Rio de Janeiro, Brasil, Março 2009

Monday 6 April 2009

Bus

I woke up sweating, soaked wet. My mouth is dry and my body feels numb. I can hardly feel anything from my waist down. My swollen legs are a reflection of too many hours semi-seated while heading South down this endless road. Destination this time: Carnival. The bus is asleep, snoring deeply, probably inebriated by the opaque stench that fills at least the back of the bus, where I sit. The loud motor roar, coming from underneath my seat, is not loud enough to suffocate the snore this half-person sitting next to me produces. Coiled like a baby, this XXS sized person has been sleeping for hours, lying down comfortably where I can hardly sit. A mix of hatred and desire to be as little as him invades my soul. The impetus of waking him up, out of pure evilness, does not flow into action and the intent to throw him out the window stumbles on the inexistence of the smallest of windows, through where he would certainly fit. Instead I decide to drink some water and lay on top the other buttock. There must certainly be a more comfortable position to lay down... There you go! Now I only have to ignore this awful odor and this sort of soup that soaks my clothes so I can relax and let my tiredness take me to Morpheus arms. I imagine myself as a sailor on Cabral’s carrack, the one that for the first time arrived to the port I just left a few hours ago, assured that what awaits for me at my destination compensates the discomfort of the journey. At least in the carrack I sail now the the scurvy exists only in the putrid stench and rats sleep coiled, snoring like babies...

BR101 somewhere between Porto Seguro and Rio de Janeiro, Brazil, February 2009

Wednesday 1 April 2009

Earthquake

My plate, crammed with an abundant Moqueca, started to tremble. Just slightly in the beginning. Then increasing in intensity, at the pace the vibration that comes down the street penetrates the restaurant’s windows, walls and floor. My heart also starts to beat faster, following the rhythm that starts to take me over at the pace this earthquake’s intensity is magnified by the drums’ frenetic beat. I’m almost deaf. My untamed heart decides to leave my chest, flying around at its own will, following the beat that invaded him.
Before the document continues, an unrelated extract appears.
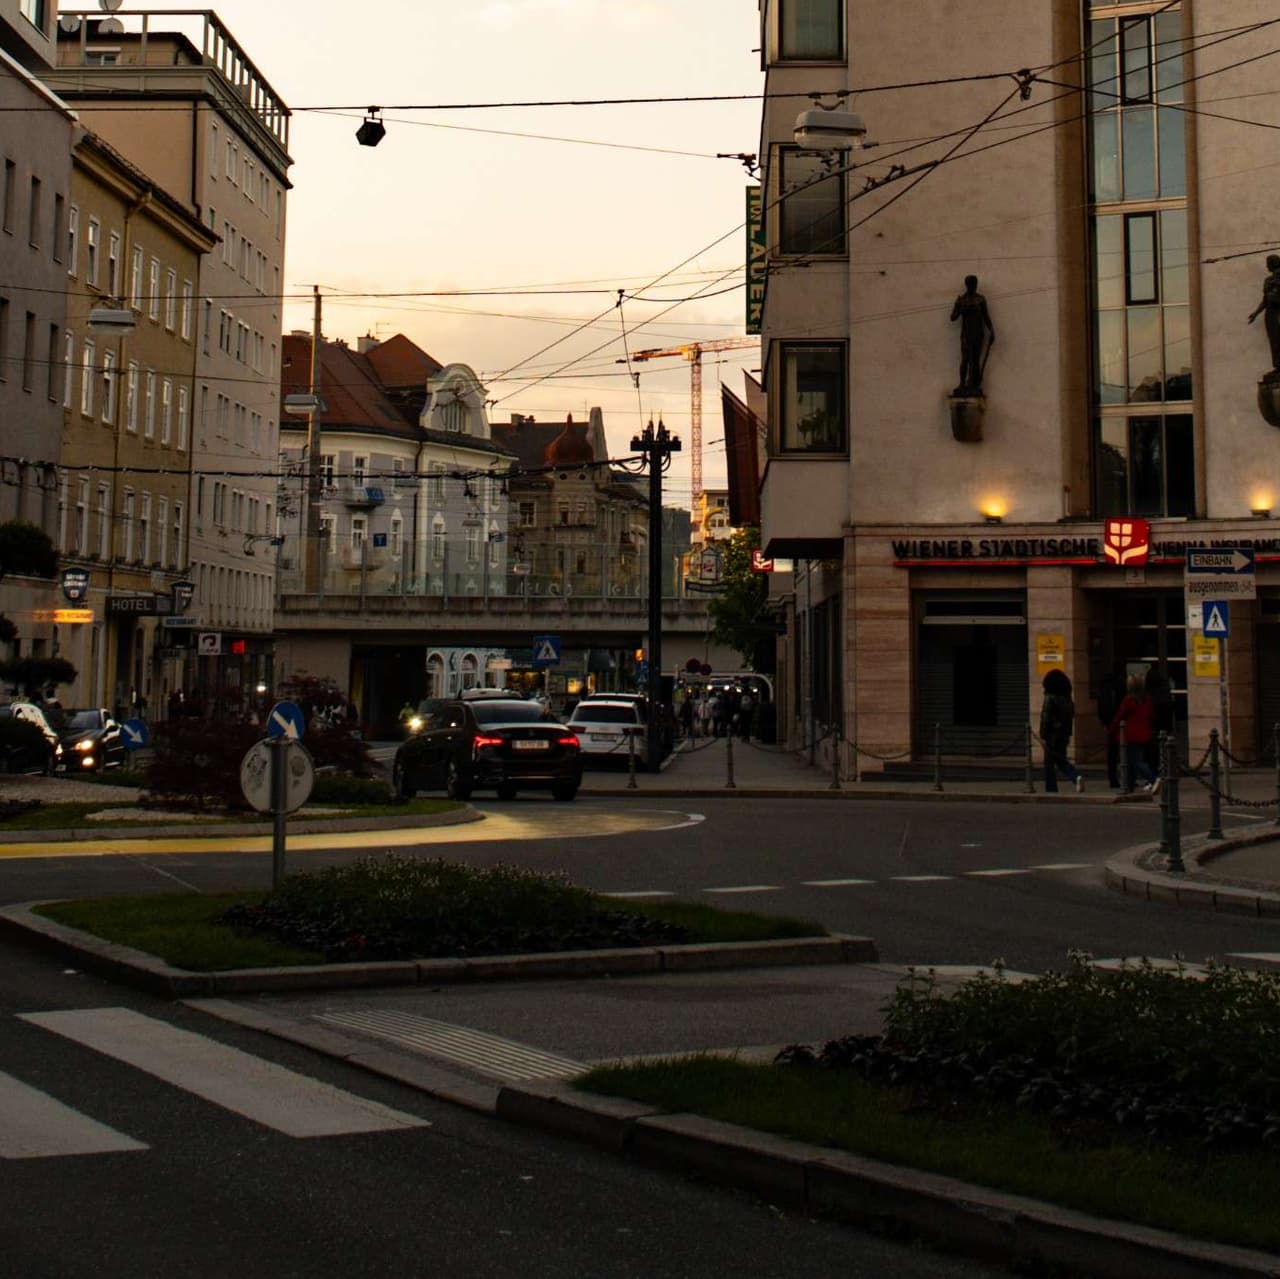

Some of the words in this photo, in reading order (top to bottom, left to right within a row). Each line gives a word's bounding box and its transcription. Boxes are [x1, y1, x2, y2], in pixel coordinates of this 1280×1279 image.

The earthquake is no longer on the outside, it is now inside me. I can hear nothing but the Olodum, which makes me fly above my own self. I’m not sitting at the table anymore and the Moqueca is just a colorful dot hardly seen down there, in one of Salvador’s streets I fly over in the wings of this ‘alien’ beat. I fly away, looking at the blue sky reflected in this bay’s waters, the very same bay that embraces this city. I see streets crowded with color, baianas on street-corners selling acarajé, frantic capoeira circles, loads of people filling-up the Pelourinho. I can see boats arriving, an old slave boat coming from Africa, way too crowded with slaves. They seem lost, secluded from themselves, from their roots, with their eyes filled with fear and anger at the same time. They are taken to a market, chained to the walls, beaten, sold, their muscles stressed to inhuman limits... But they resist, they prevail, they have Africa inside their hearts, the strength and the will to survive, the rhythm that gives them life, which gives life to this city as well, to this country, today as always. The very same rhythm that now makes this earthquake alive, which I experience side by side with this Moqueca plate. The plate looks at me impassively while it gets colder, indifferent to this rhythm, the rhythm of which Salvador is made of. The drumbeats slowly fade away without ever leaving the room. Looks like the Olodum passed by but decided to stay inside me for ever.